Pictures aside, the output must consist of the lines from the one containing "this 1442×1920 image." through the end of the data, reproduced exactly.

START Data supplied

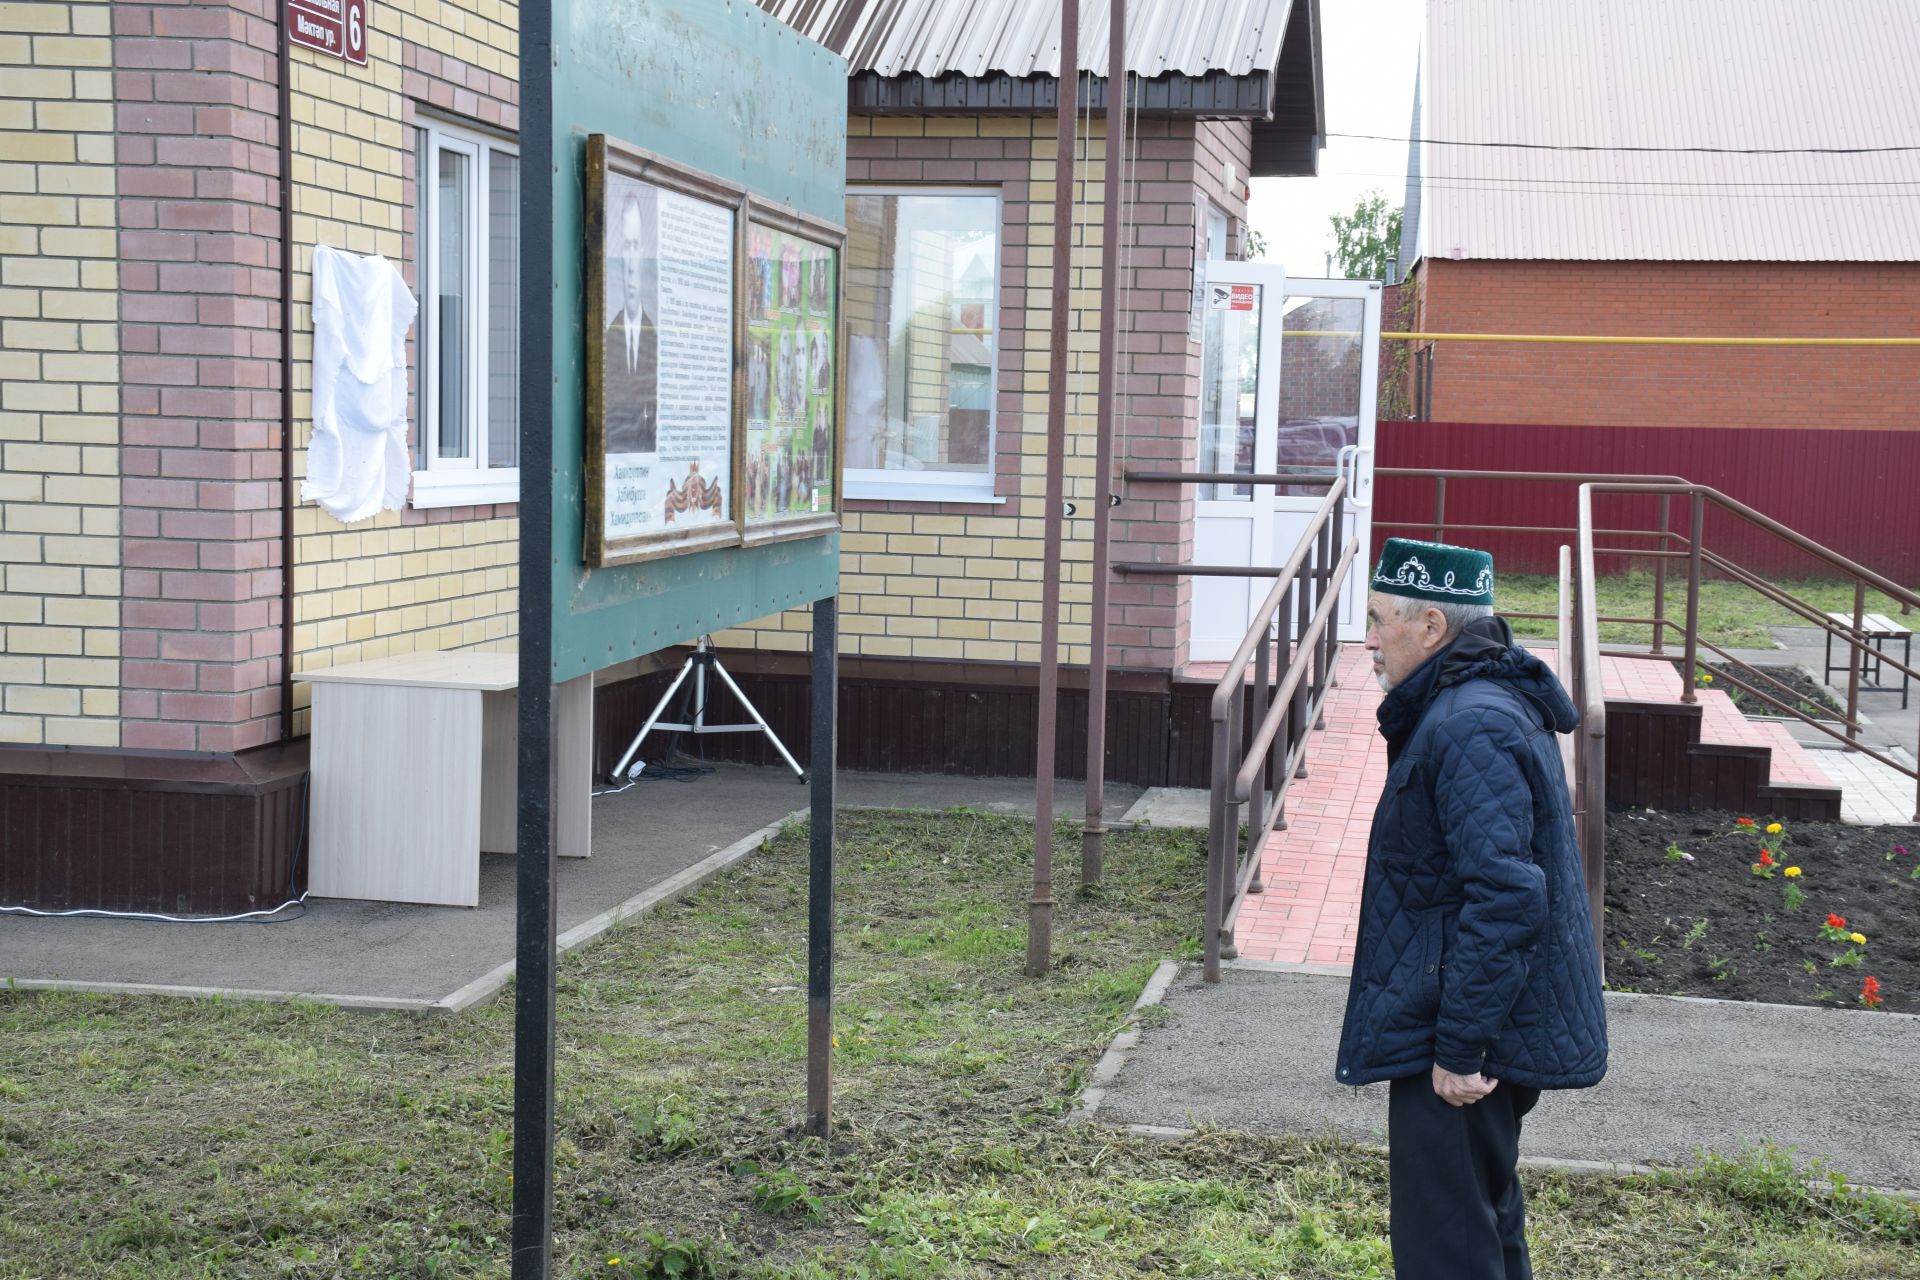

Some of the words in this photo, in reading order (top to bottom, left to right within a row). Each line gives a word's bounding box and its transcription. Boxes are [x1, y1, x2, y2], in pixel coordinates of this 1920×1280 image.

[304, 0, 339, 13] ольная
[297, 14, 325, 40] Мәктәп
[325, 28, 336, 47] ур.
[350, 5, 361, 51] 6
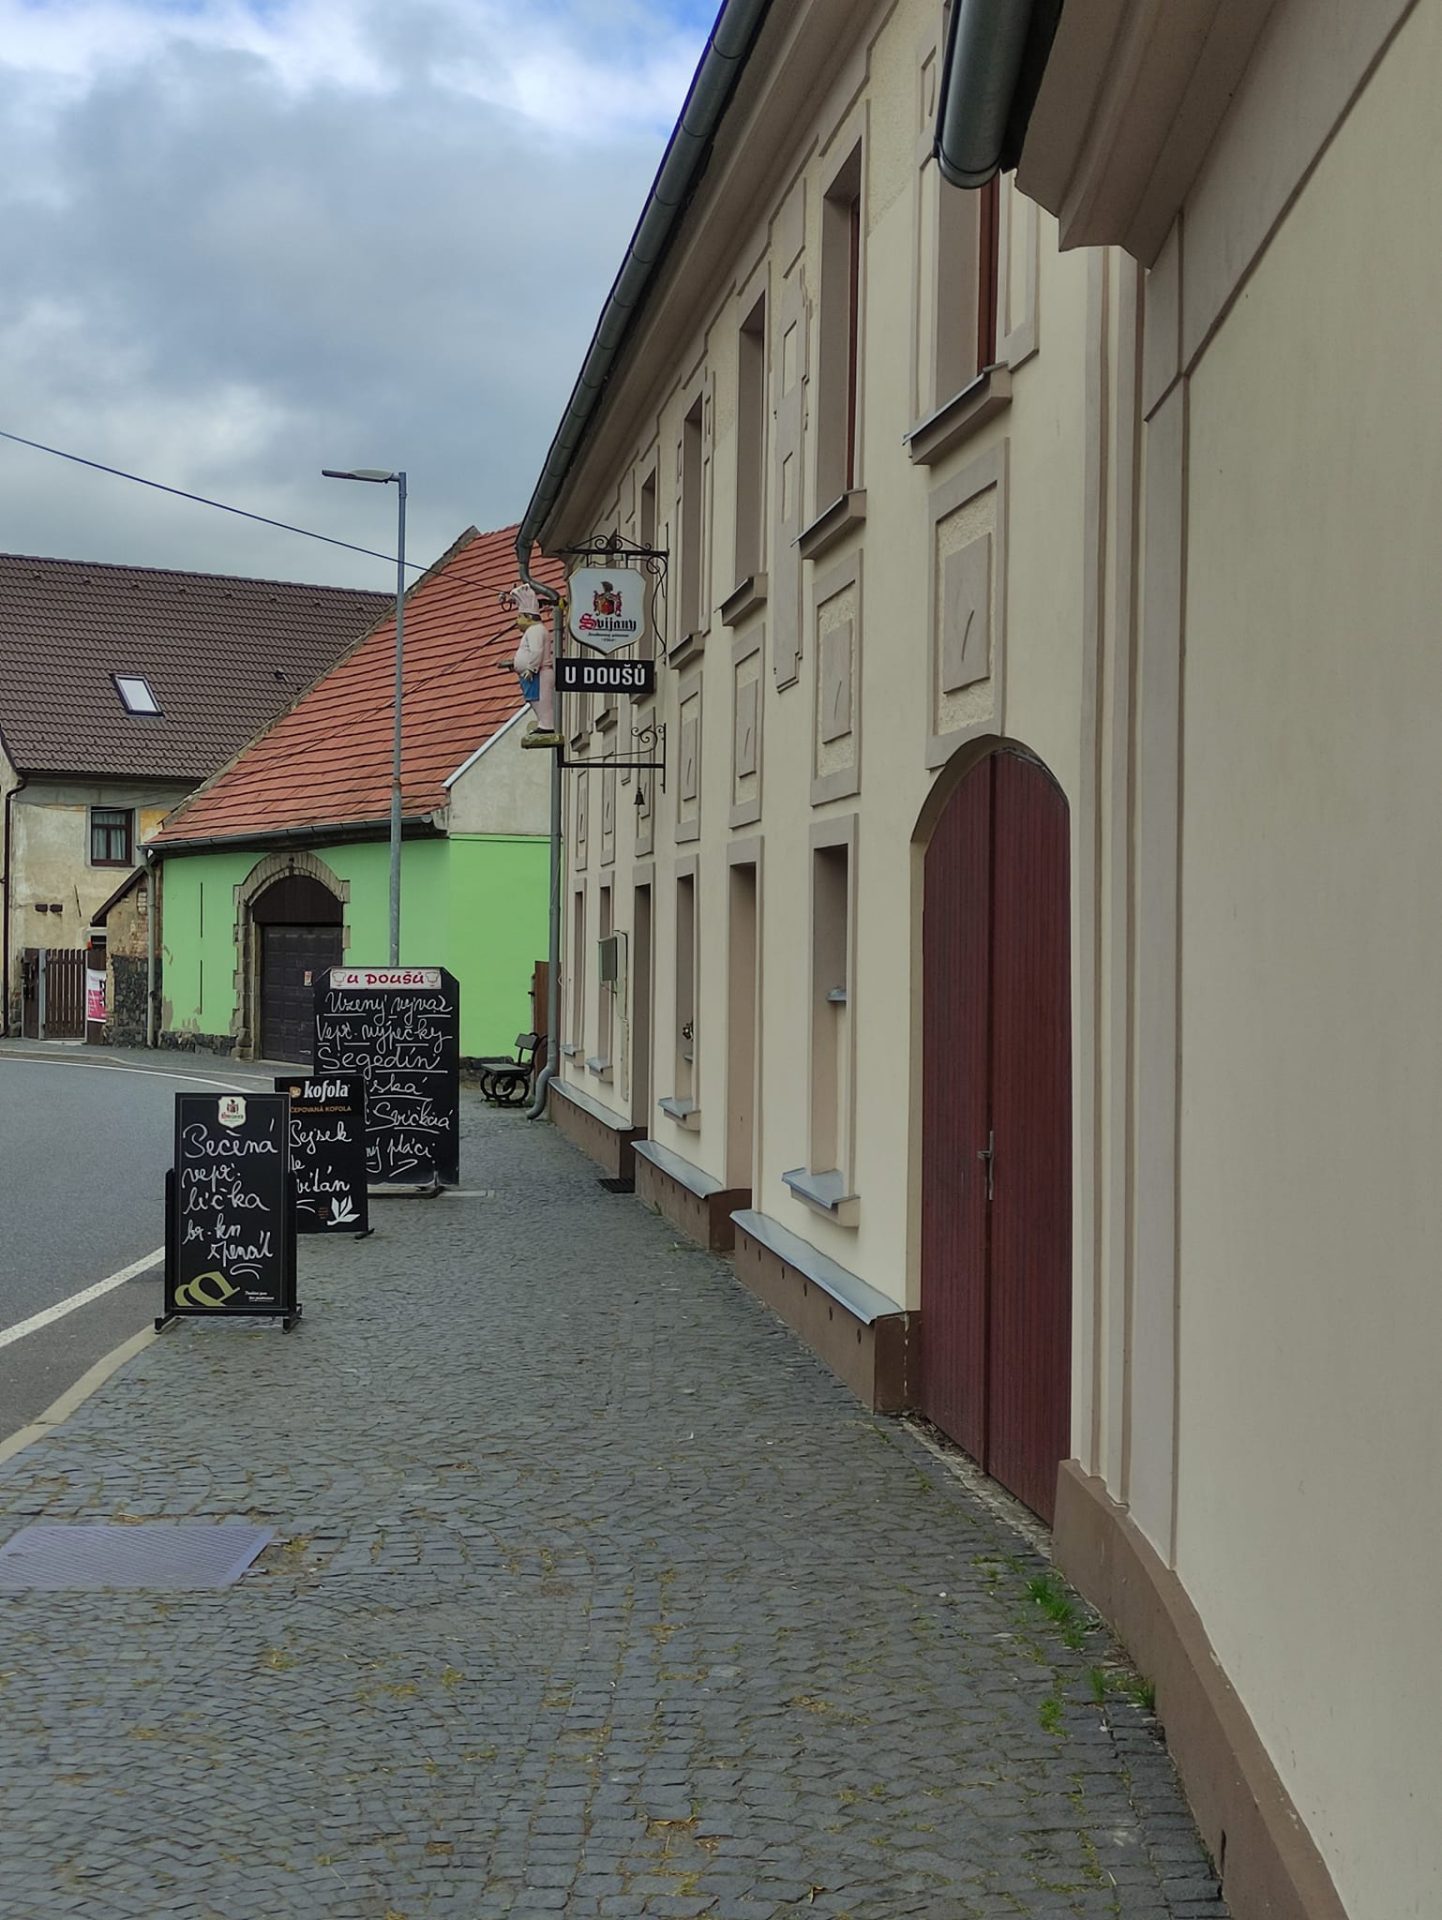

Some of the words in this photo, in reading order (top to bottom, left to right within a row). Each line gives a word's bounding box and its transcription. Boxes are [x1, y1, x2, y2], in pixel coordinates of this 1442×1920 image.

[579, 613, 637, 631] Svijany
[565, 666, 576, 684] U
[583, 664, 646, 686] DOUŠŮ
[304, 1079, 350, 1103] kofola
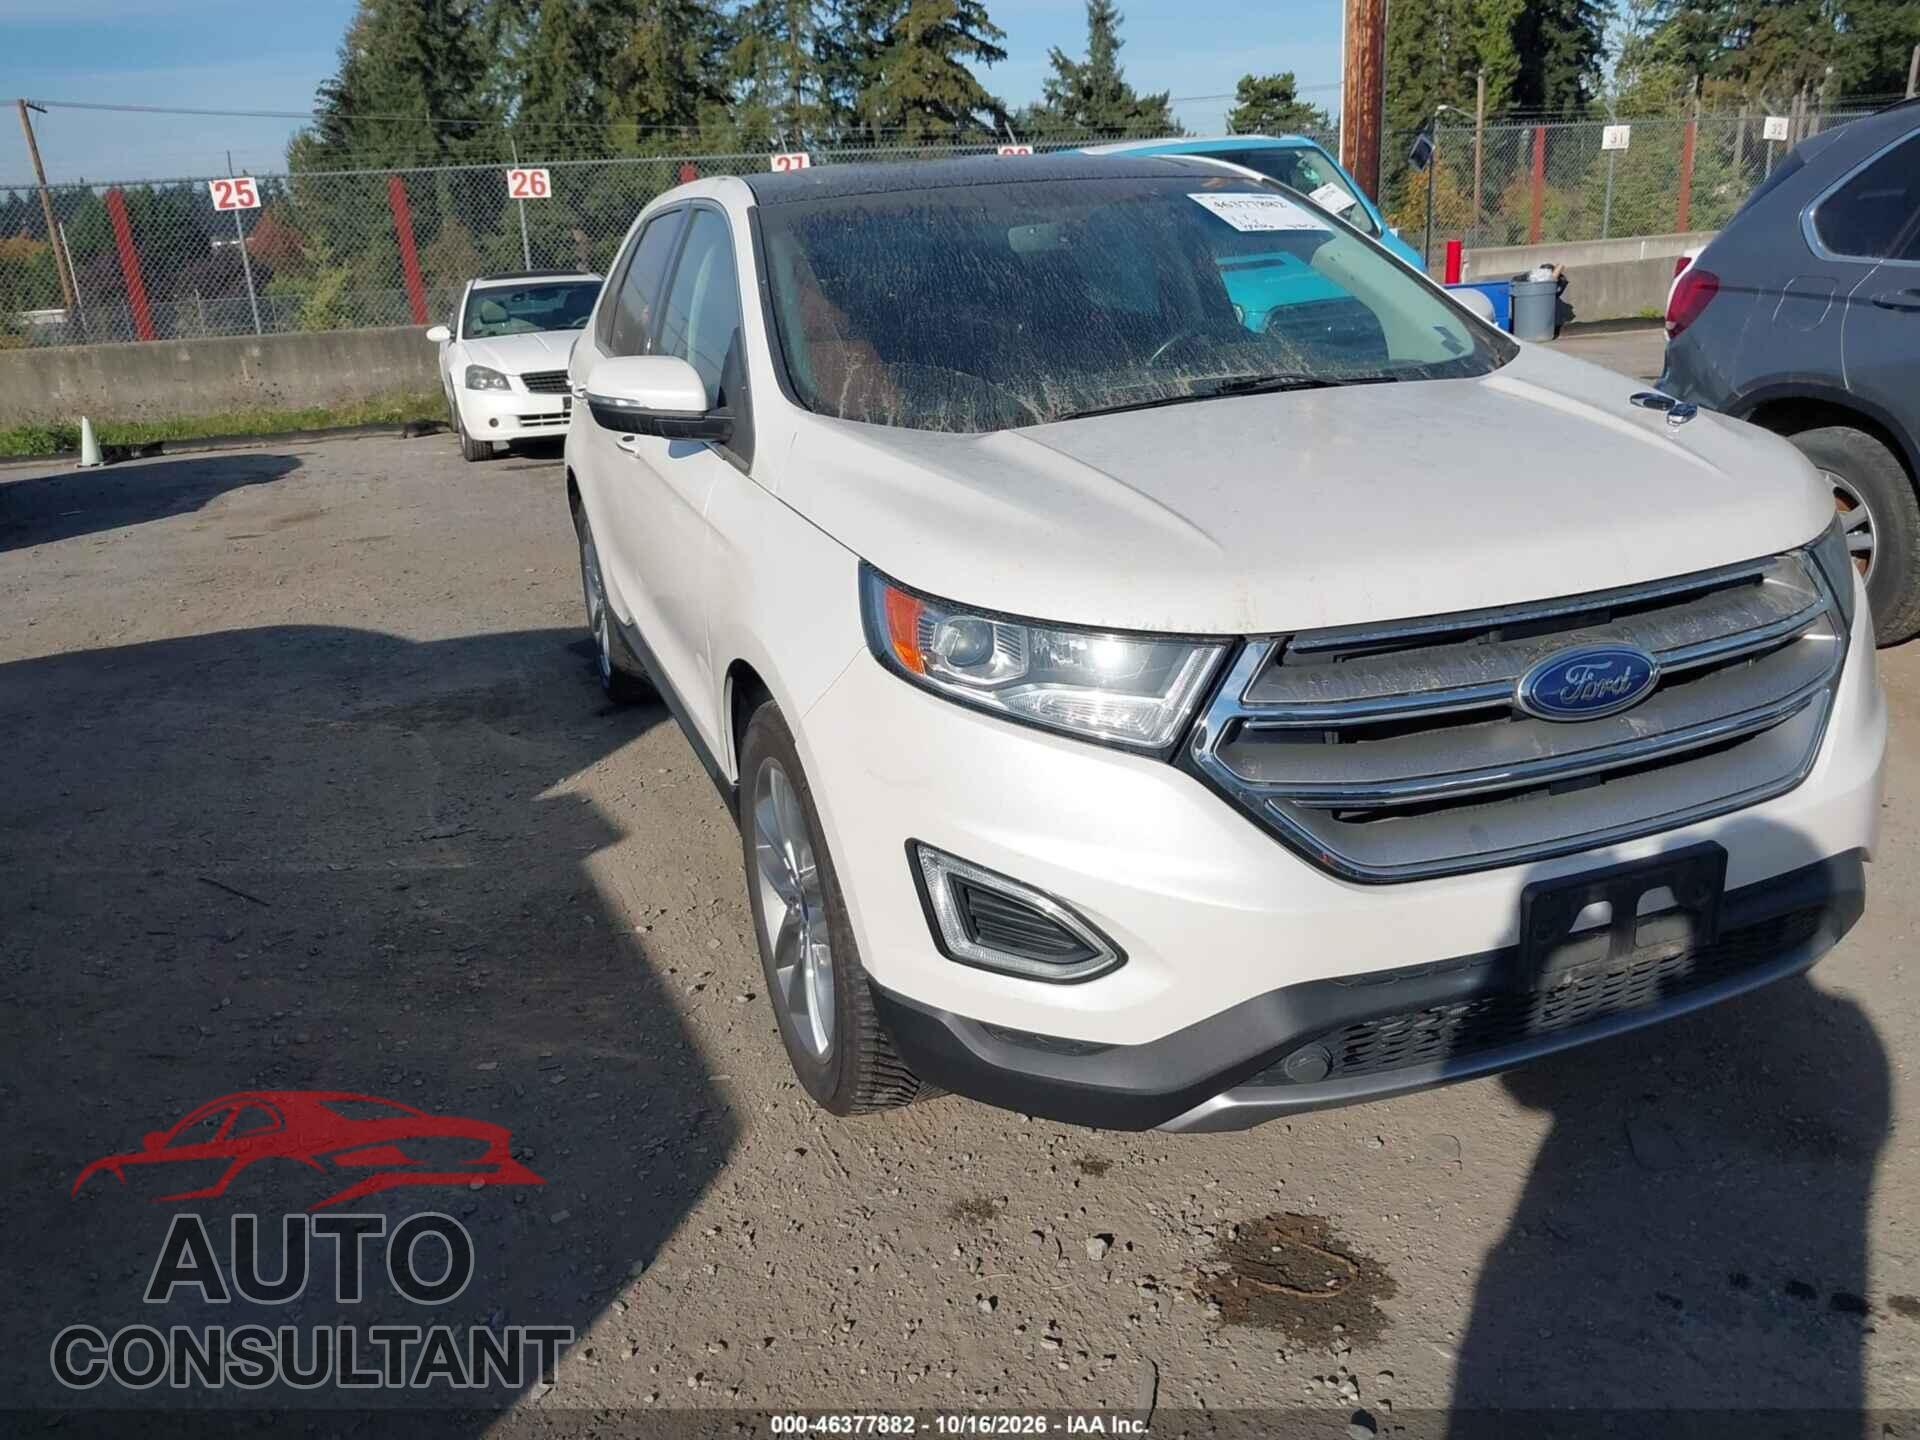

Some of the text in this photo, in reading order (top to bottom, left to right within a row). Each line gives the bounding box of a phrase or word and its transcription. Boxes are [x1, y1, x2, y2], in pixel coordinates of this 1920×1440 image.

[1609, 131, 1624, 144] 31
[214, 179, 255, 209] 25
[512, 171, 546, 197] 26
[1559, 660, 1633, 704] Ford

END Data supplied

* Solution to this task
Some of the words in this photo, in reading order (top to bottom, left to right within a row). Each line gives a word's bounding box and its transcription. Boxes are [x1, y1, x2, y2], in pixel coordinates of this 1442×1920 image.

[579, 613, 637, 631] Svijany
[565, 666, 576, 684] U
[583, 664, 646, 686] DOUŠŮ
[304, 1079, 350, 1103] kofola

Some of the text in this photo, in reading order (top to bottom, left to right within a row). Each line gives the bounding box of a phrase or word and its transcription. Boxes are [x1, y1, x2, y2], in pixel coordinates of this 1920×1440 image.

[1609, 131, 1624, 144] 31
[214, 179, 255, 209] 25
[512, 171, 546, 197] 26
[1559, 660, 1633, 704] Ford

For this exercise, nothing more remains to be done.